As markets seesaw, thinking calmly is important to my long-term returns as an investor. Here are three ways I could handle a market correction. I like two of them and will avoid one. Let me explain why.
Do nothing
One way of handling a market correction is simply to sit back and do nothing, for months or even years in some cases.
That may seem at odds with the always-on culture and need for constant action that have become more common in the digital age. But some leading investors reckon that the key to long-term success is not frequent activity, but making a small number of high-quality investments. Let’s say I own Unilever or Tesco, for example. Their share prices could well fall along with other shares in a market correction.
But if the underlying investment case that attracted me to the shares before a market correction has not changed, then my valuation of the businesses will probably not have changed much either. Falling share prices may shake my confidence in the shares, but if I felt the investment case was solid when I bought the shares and the facts have not changed much, as a long-term investor I could do nothing and wait in the hope that the share price will recover in future.

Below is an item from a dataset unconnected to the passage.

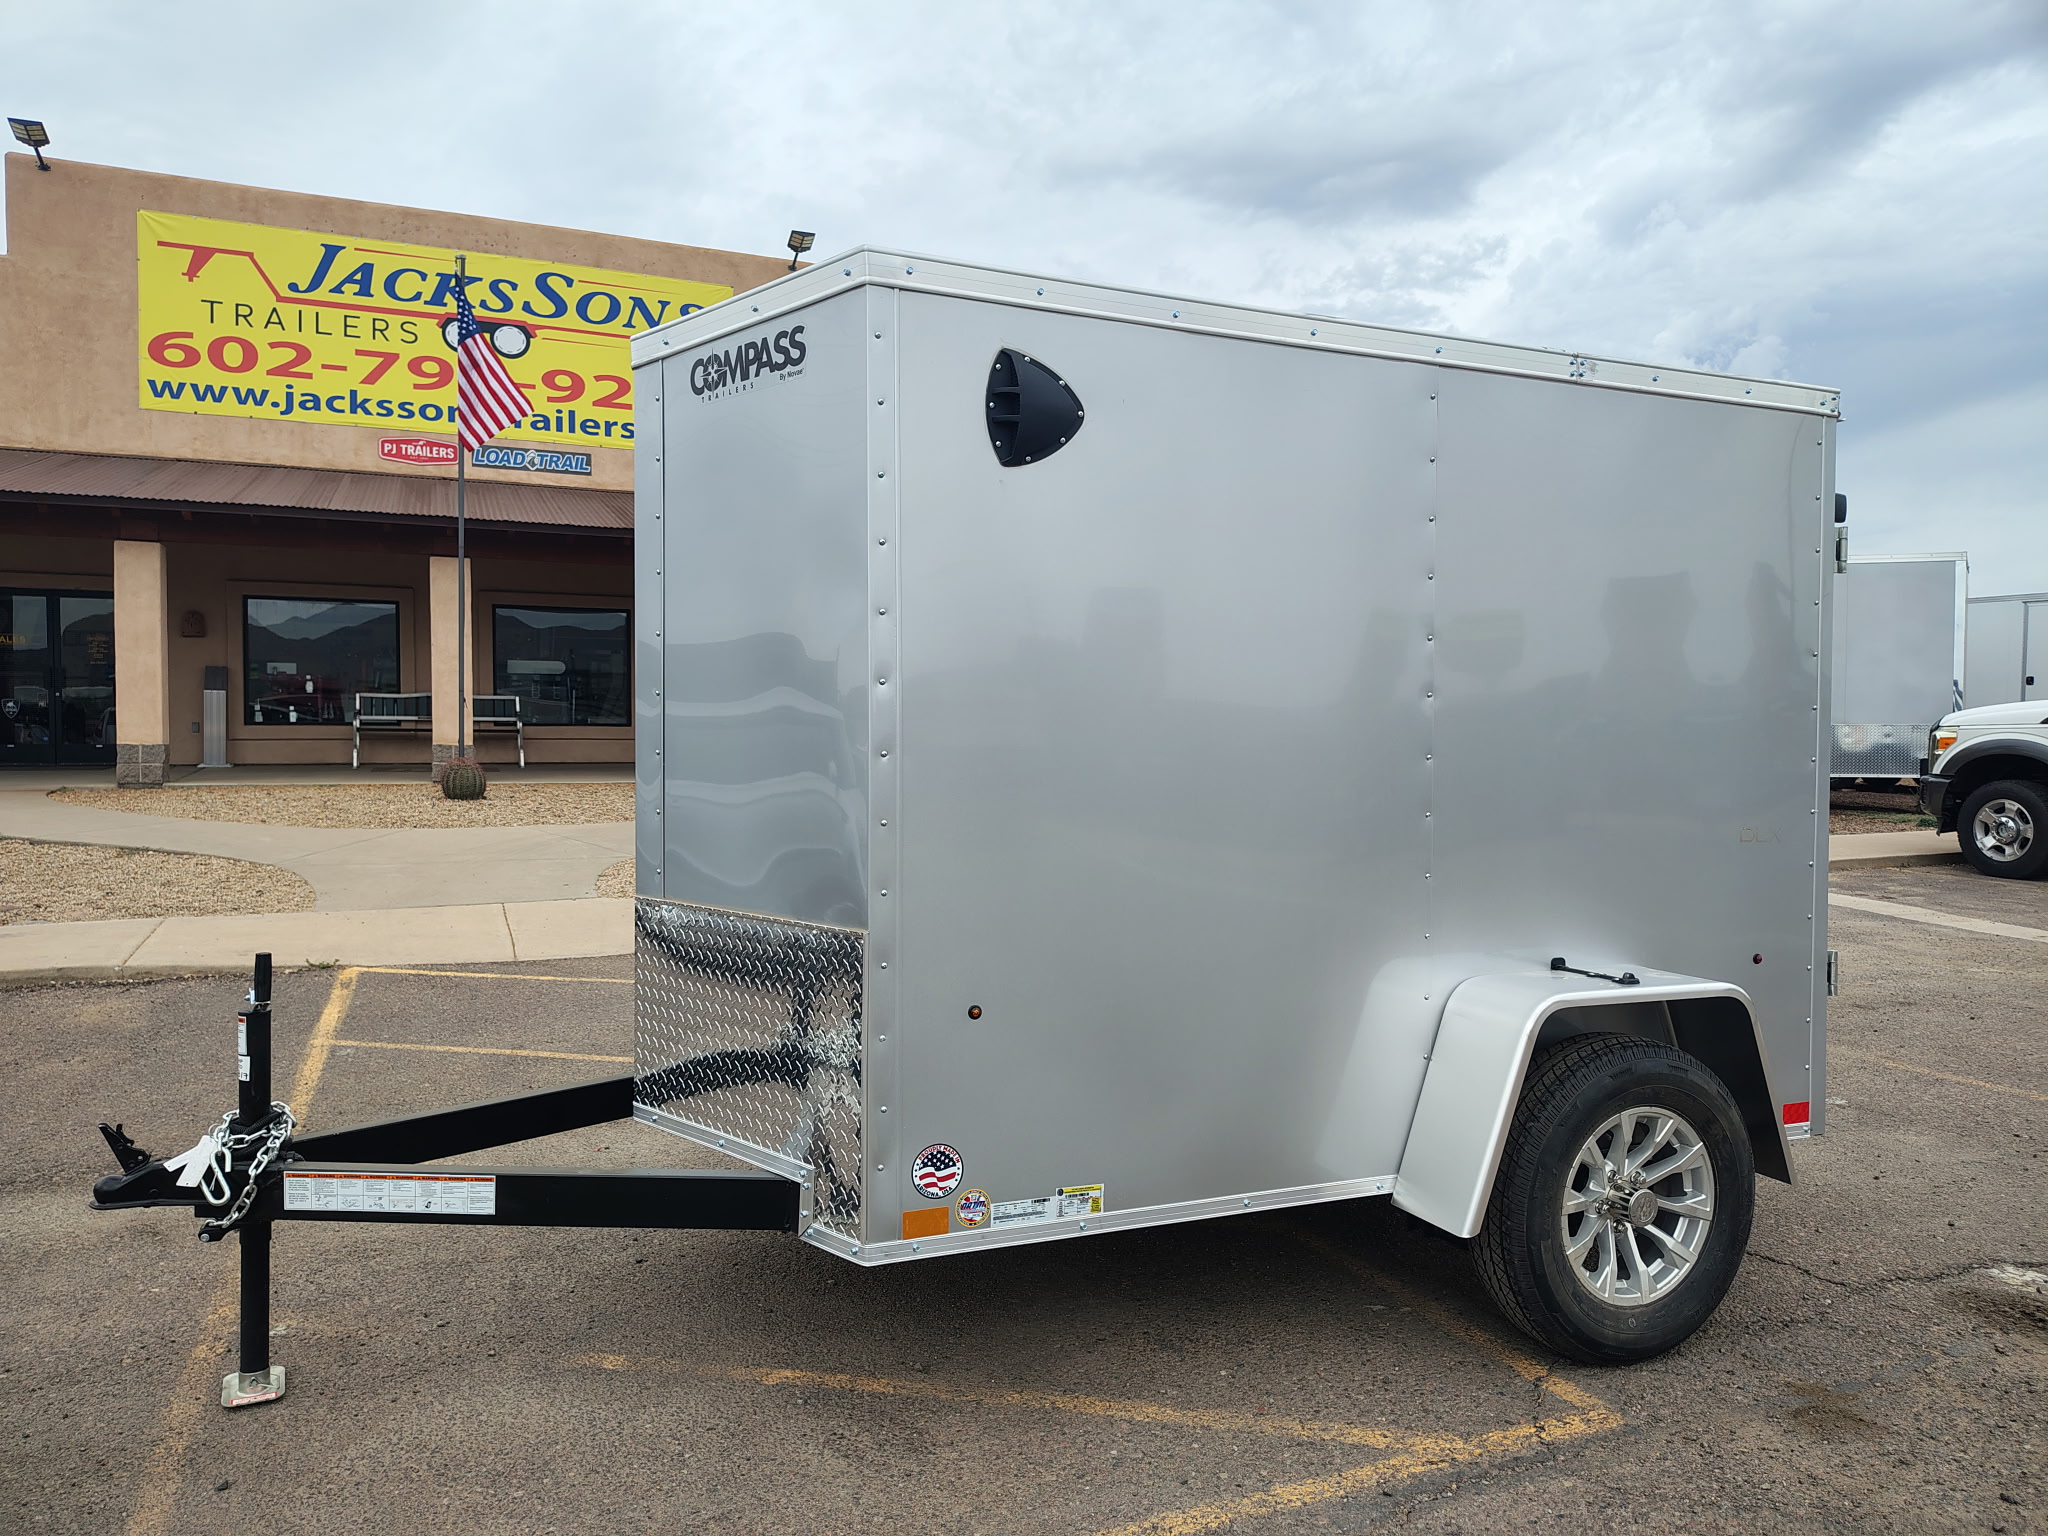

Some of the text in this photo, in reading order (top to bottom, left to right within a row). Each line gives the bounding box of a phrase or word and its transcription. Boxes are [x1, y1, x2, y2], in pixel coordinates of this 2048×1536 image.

Use a market correction as a buying opportunity
In fact, if a share I own has crashed in price, it could be a buying opportunity for my portfolio. Basically I can buy what I bought before, on sale. Sometimes that can be hard psychologically, as it could make me feel I overpaid before. But if I am confident in the investment case and the price has fallen, logically I think it makes sense to consider buying more of the shares for my portfolio. One thing to watch out for with this approach, however, is the importance of maintaining a diversified portfolio as a way of reducing risk. Buying more shares in companies I already own could make my portfolio less diversified.

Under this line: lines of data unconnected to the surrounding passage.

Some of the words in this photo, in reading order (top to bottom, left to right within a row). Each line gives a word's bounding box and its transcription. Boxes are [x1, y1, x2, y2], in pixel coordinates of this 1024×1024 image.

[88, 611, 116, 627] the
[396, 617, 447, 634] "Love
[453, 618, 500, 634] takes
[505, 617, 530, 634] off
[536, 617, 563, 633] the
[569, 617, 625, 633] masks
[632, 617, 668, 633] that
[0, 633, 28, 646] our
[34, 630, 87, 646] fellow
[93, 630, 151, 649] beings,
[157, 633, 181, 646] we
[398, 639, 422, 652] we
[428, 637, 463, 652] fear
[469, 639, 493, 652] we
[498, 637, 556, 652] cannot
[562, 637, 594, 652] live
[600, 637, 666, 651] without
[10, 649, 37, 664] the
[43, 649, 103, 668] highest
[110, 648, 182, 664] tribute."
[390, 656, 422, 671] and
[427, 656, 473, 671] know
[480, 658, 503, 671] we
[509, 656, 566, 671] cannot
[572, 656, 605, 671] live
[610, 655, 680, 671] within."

I would also apply this approach to companies I like but have seen as overvalued. For example, stocks like Howden Joinery, Victrex and Judges Scientific have all caught my eye. But I have seen their share prices as too high to add them to my portfolio. If a market correction leads to their prices tumbling, that could present me with a buying opportunity.
Jump in and out
A lot of people see a market correction as a chance to jump in and out of shares, hoping to make fat profits from wild price swings in a short period of time.

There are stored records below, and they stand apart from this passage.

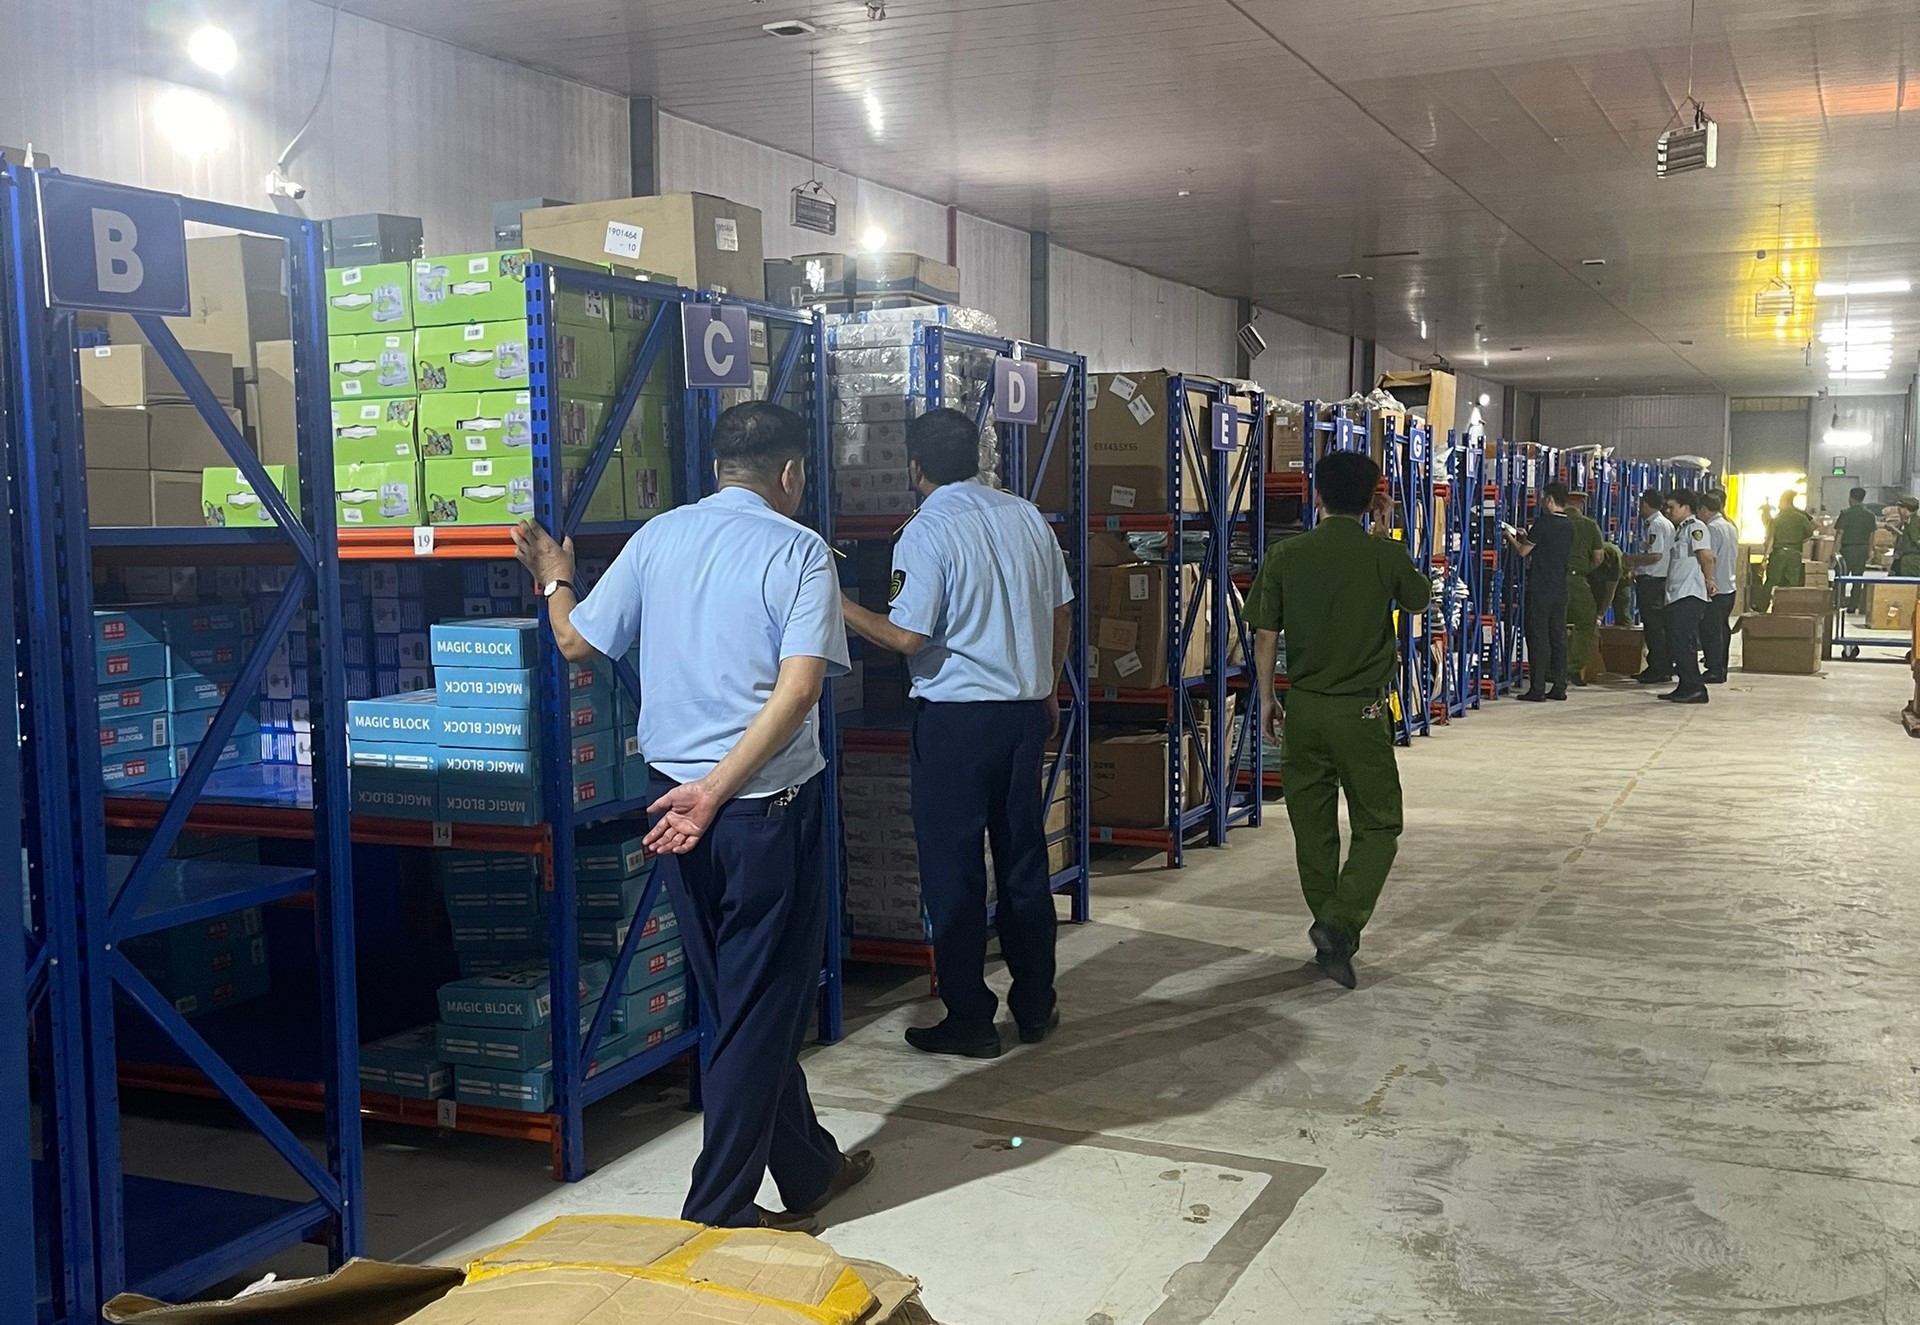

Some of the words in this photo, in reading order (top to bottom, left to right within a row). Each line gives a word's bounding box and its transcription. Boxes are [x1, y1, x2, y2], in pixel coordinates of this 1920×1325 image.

[608, 227, 637, 240] 1901464
[91, 207, 144, 294] B
[627, 243, 637, 252] 10
[704, 320, 734, 377] C
[1008, 370, 1026, 414] D
[1221, 413, 1230, 445] E
[1413, 434, 1424, 459] G
[417, 535, 430, 549] 19
[437, 641, 472, 654] MAGIC
[475, 642, 512, 655] BLOCK
[444, 681, 482, 694] BLOCK
[486, 682, 523, 695] MAGIC
[355, 716, 389, 728] MAGIC
[392, 717, 430, 730] BLOCK
[444, 721, 481, 734] BLOCK
[485, 723, 522, 735] MAGIC
[446, 758, 483, 771] BLOCK
[487, 760, 524, 774] MAGIC
[358, 791, 394, 804] BLOCK
[398, 793, 432, 806] MAGIC
[447, 797, 485, 811] BLOCK
[488, 799, 526, 813] MAGIC
[437, 827, 449, 838] 14
[447, 1001, 482, 1013] MAGIC
[485, 1003, 523, 1015] BLOCK
[444, 1108, 450, 1119] 3

The downside I see to that approach is that it is not investing, but simply speculating. Instead of buying shares in companies based on the attractiveness of their long-term business prospects, it involves making choices based on price. In a market correction, there can be far more volatility then normal on stock markets.
As an investor with a long-term horizon, I do not adopt this approach in a market correction. Instead, I focus on the same investment style I use when markets are calm: identifying great businesses at an attractive price I can hold in my portfolio for the long term.